» Assignment
Quote all lines below exactly. Images stay out.

(Stored data entries)
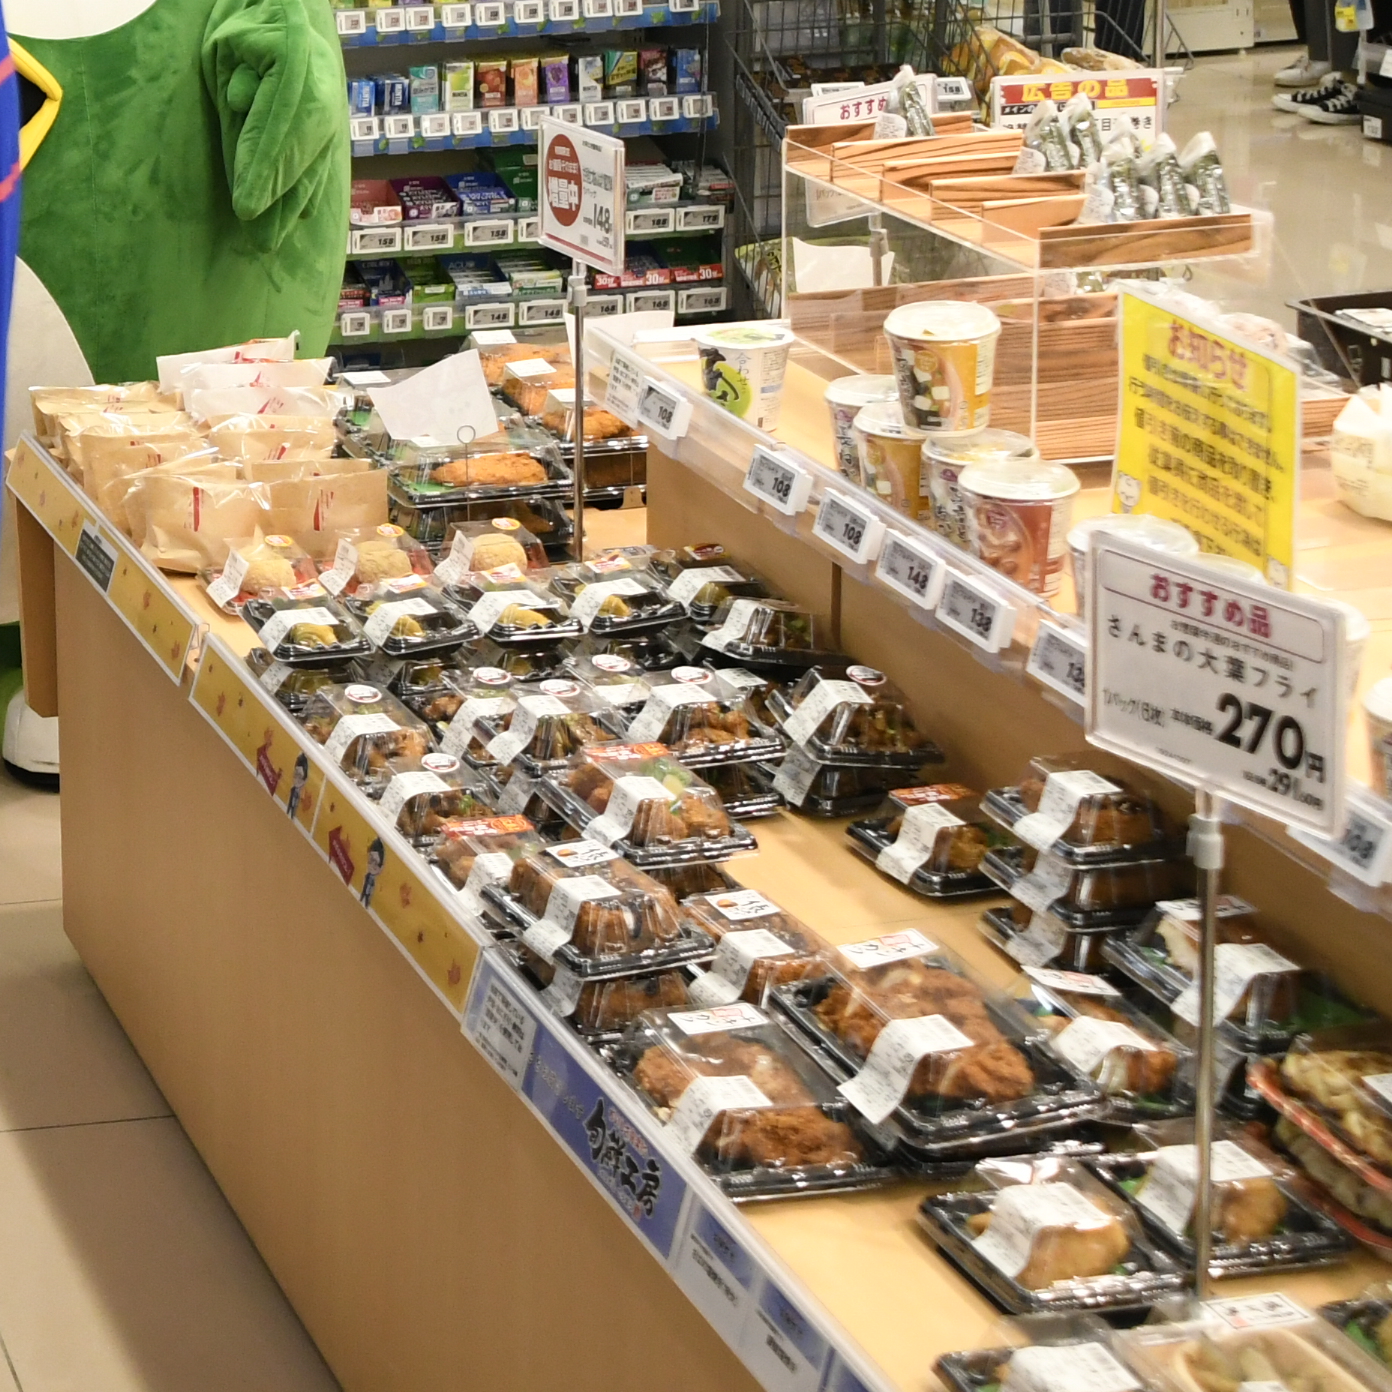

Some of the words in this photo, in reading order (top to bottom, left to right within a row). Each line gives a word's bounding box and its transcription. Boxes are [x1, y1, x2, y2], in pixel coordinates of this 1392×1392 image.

[1022, 79, 1128, 103] 広告の品
[658, 405, 673, 424] 108
[772, 476, 791, 499] 108
[843, 521, 862, 545] 108
[907, 565, 929, 591] 148
[1149, 573, 1272, 639] おすすめ品
[1107, 614, 1319, 708] さんまの大葉フライ
[1215, 691, 1325, 784] 270円

» Response to this task
Some of the words in this photo, in reading order (top to bottom, left to right within a row). Each line gives a word's bounding box and its transcription. Boxes are [x1, y1, x2, y2], in pixel coordinates of this 1392×1392 image.

[1022, 79, 1128, 103] 広告の品
[658, 405, 673, 424] 108
[772, 476, 791, 499] 108
[843, 521, 862, 545] 108
[907, 565, 929, 591] 148
[1149, 573, 1272, 639] おすすめ品
[1107, 614, 1319, 708] さんまの大葉フライ
[1215, 691, 1325, 784] 270円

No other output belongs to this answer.